**The task**
Give every entry again, unchanged, and leave its images out.

[Data records]

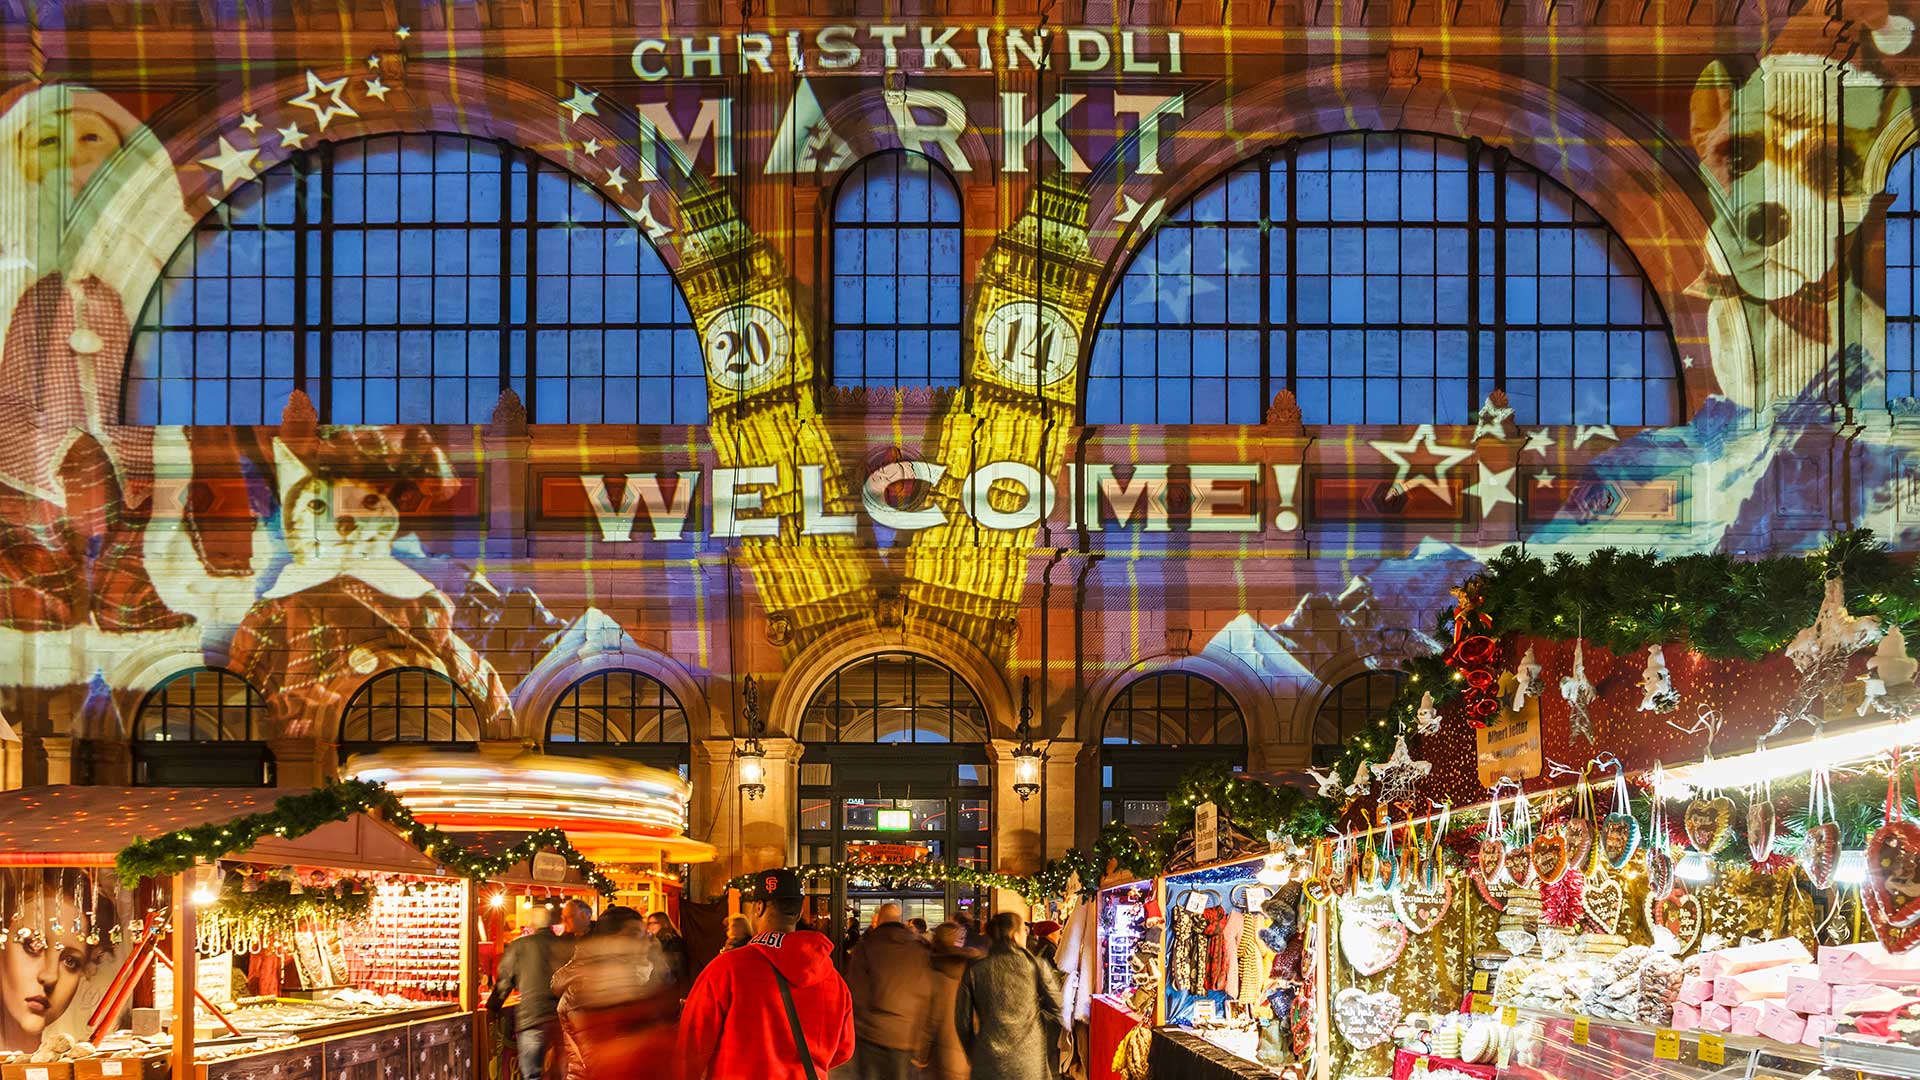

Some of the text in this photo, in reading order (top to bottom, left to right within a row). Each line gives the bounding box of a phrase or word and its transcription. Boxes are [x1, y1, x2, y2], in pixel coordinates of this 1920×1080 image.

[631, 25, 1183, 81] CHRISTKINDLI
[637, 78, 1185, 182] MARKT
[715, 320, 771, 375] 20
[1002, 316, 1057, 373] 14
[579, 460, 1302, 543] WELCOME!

[/Data records]

**Exercise result**
Some of the text in this photo, in reading order (top to bottom, left to right within a row). Each line gives the bounding box of a phrase or word and its transcription. Boxes are [x1, y1, x2, y2], in pixel coordinates of this 1920×1080 image.

[631, 25, 1183, 81] CHRISTKINDLI
[637, 78, 1185, 182] MARKT
[715, 320, 771, 375] 20
[1002, 316, 1057, 373] 14
[579, 460, 1302, 543] WELCOME!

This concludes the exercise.